According to the attorney general’s office, the lawsuit alleges that McKesson boasted a 32.7 percent market share, the largest in the wholesale pharmaceutical distribution industry for the seven-year time period outlined in Beshear’s complaint.
From Jan. 1, 2010, to Dec. 31, 2016, the attorney general’s office says, McKesson distributed 18,434,834 doses of prescription opioids in Floyd County alone. Based on Floyd County’s average population of 38,638, it amounts to 477 opioid pills for every man, woman and child living in the county.
Beshear said the company carelessly flooded other Kentucky counties with high volumes of prescription opioids during this period as well.
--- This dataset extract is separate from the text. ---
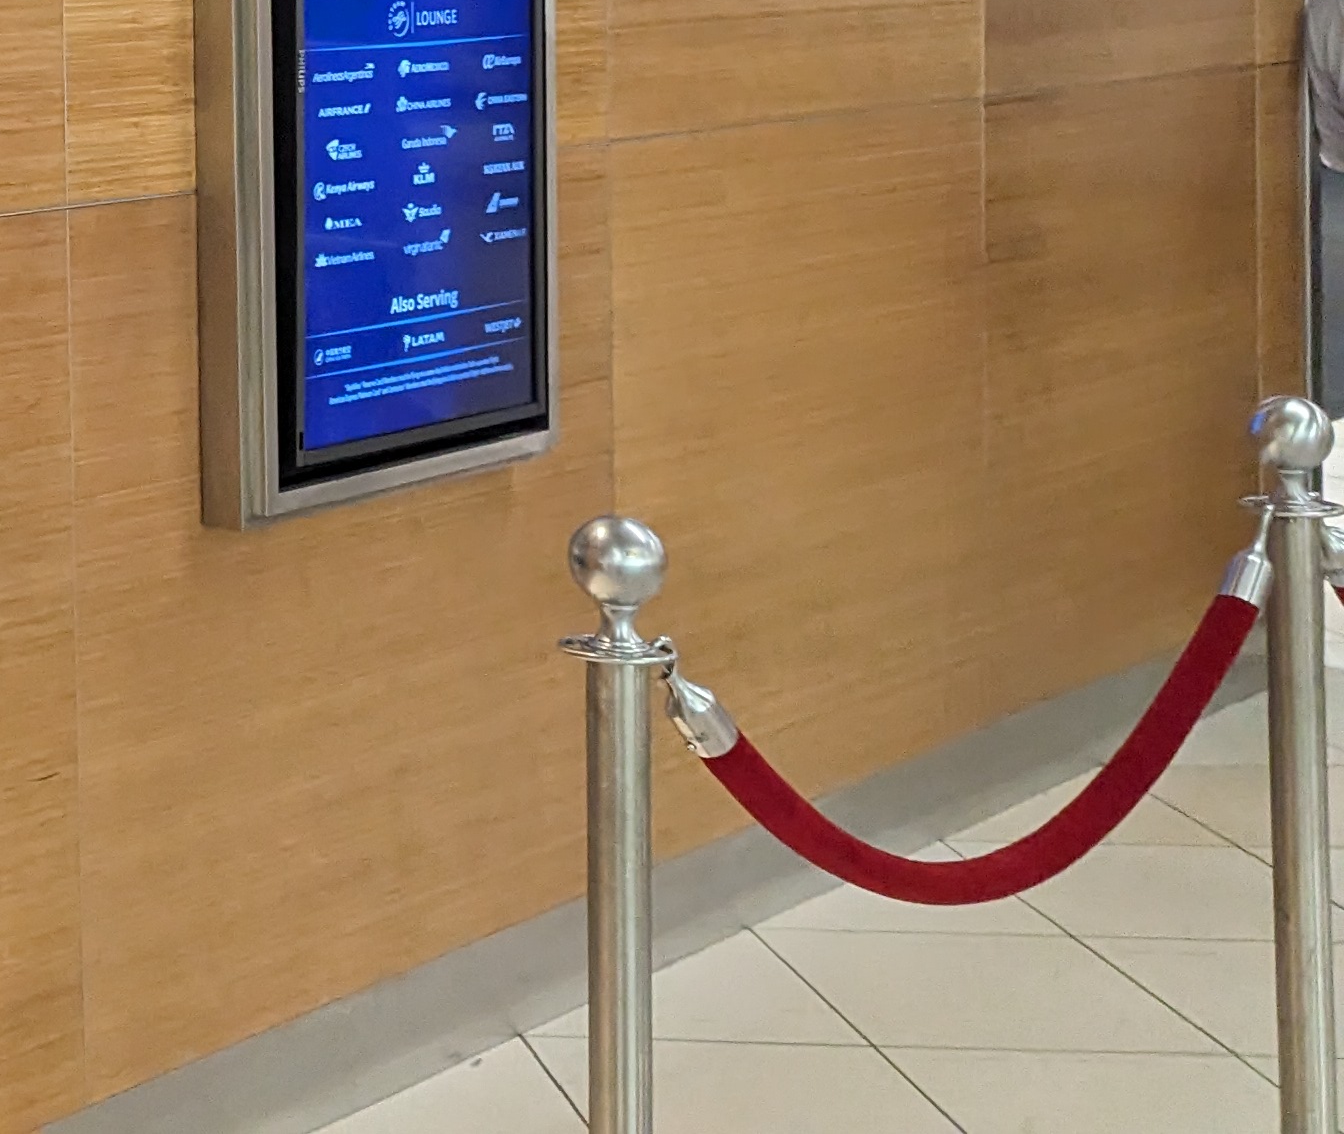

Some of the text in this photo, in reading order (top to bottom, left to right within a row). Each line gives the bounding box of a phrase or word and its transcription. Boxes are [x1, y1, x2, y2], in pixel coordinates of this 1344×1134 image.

- In Perry County, McKesson distributed 11,871,017 doses of prescription opioids. Based on Perry County’s average population of 28,113, it amounts to 422 doses for every citizen.
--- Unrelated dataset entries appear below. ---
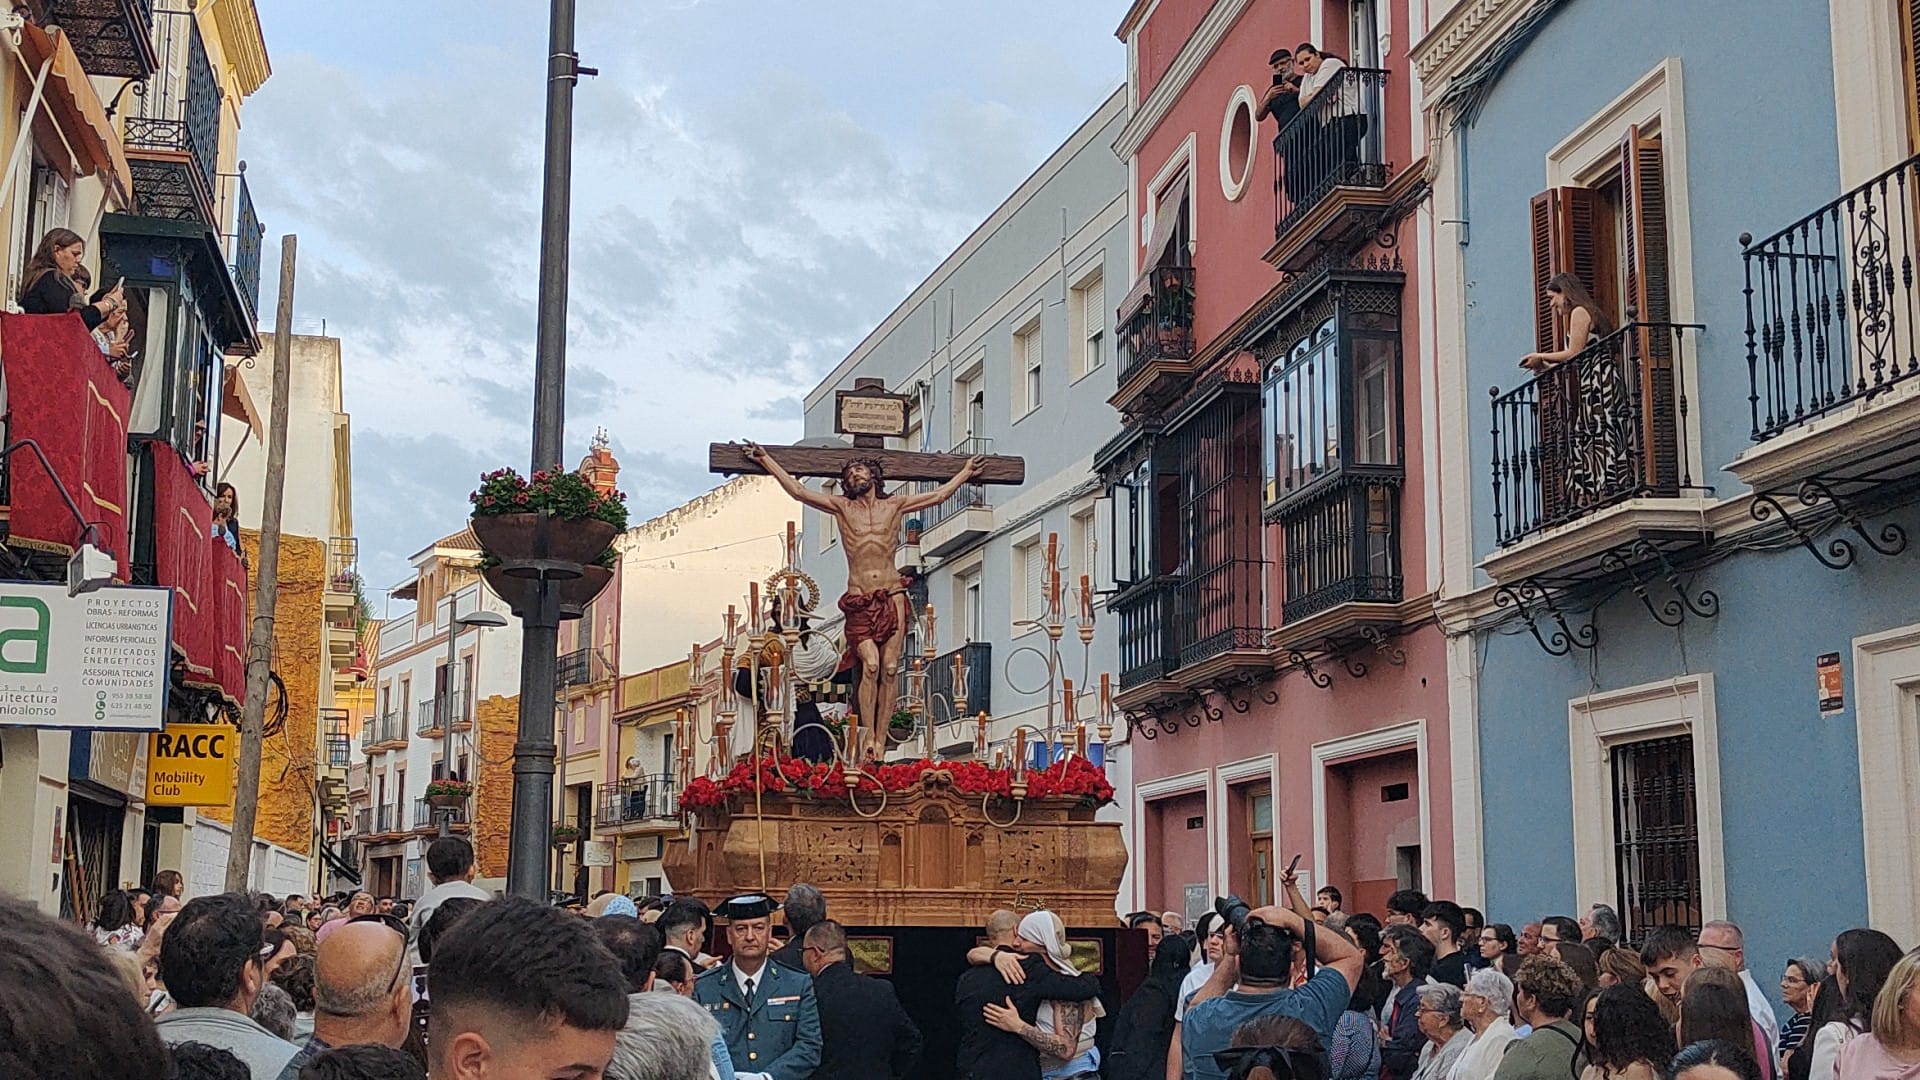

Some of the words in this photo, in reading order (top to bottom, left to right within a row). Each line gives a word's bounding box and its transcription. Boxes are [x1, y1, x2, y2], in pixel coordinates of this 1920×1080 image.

[87, 598, 160, 608] PROYECTOS
[86, 608, 112, 616] OBRAS
[118, 609, 159, 618] REFORMAS
[85, 621, 115, 630] LICENCIAS
[116, 622, 158, 631] URBANISTICAS
[0, 596, 50, 673] a
[84, 635, 119, 643] INFORMES
[120, 636, 157, 645] PERICIALES
[83, 647, 156, 656] CERTIFICADOS
[82, 668, 120, 677] ASESORIA
[122, 669, 154, 678] TECNICA
[81, 678, 154, 688] COMUNIDADES
[156, 733, 225, 759] RACC
[154, 771, 205, 786] Mobility
[153, 784, 181, 796] Club
- In Clay County, McKesson distributed 8,315,576 doses of prescription opioids. Based on Clay County’s average population of 21,047, it amounts to 395 doses for every citizen.
- In Owsley County, McKesson distributed 1,787,452 doses of prescription opioids. Based on Owsley County’s average population of 4,622, it amounts to 386 doses for every citizen.
- In Bell County, McKesson distributed 9,839,979 doses of prescription opioids. Based on Bell County’s average population of 27,961, it amounts to 351 doses for every citizen.
From 2012 to 2015, a total of 261 Kentuckians died from opioid overdoses just in these five Eastern Kentucky counties. Statewide, for this timeframe, Kentucky experienced more than 4,400 fatal overdoses.
Beshear said McKesson has entered two multi-million-dollar settlements with the federal government for similar claims. In 2008, the company settled for $13.5 million for failing to comply with federal reporting laws.
“Despite this settlement, the company continued to flood the nation with opioids without ever alerting the DEA to the high volume of orders for these pills,” Beshear said.
McKesson settled a $150 million settlement with the federal government in January 2017 for its ongoing behavior, Beshear said.
Beshear’s lawsuit against McKesson is the second such legal action the Attorney General’s Office has taken.
Beshear filed suit against Endo Pharmaceuticals and Endo Health Solutions in November for violating state law and directly contributing to state opioid related deaths and overdoses from its drug Opana.
Additionally, Beshear’s office says, the Centers for Disease Control and Prevention tied a Southern Indiana 2015 HIV outbreak specifically to the injection of Opana ER. In doing so, the federal health agency identified 220 counties across the country at the greatest risk for similar outbreaks. Fifty-four of those counties, roughly 25 percent, are in Kentucky.
Beshear said Campbell, Gallatin and Grant counties are on the list, and Northern Kentucky is currently experiencing an HIV outbreak due to individuals intravenously injecting a drug when they abuse it.
Floyd, Perry, Clay, Owsley and Bell counties are on the CDC’s list of counties at risk for a public health crisis, Beshear said.
“I’m committed to holding accountable these multi-national companies that made billions flooding our communities,” Beshear said. “Kentucky families deserve justice.”
McKesson defended itself Monday, denying Beshear’s claims. In a statement, the company said, McKesson delivers life-saving medicines to millions of Americans each day and is committed to maintaining-and continuously enhancing-strong programs designed to detect and prevent opioid diversion within the pharmaceutical supply chain.
This complicated, multi-faceted public health crisis cannot be solved by any one participant. It needs to be addressed through a comprehensive approach that includes the doctors, patients, pharmacists, insurance companies, government payers (such as Medicaid and Medicare), distributors, manufacturers, law enforcement and regulators.
We’ve shared forward-looking policy recommendations with the President’s opioid commission, including offering additional specificity on two of those ideas that we believe can make a meaningful impact on the epidemic. We remain committed to engaging with all who share our dedication to acting with urgency to address this epidemic and working together to end this national crisis.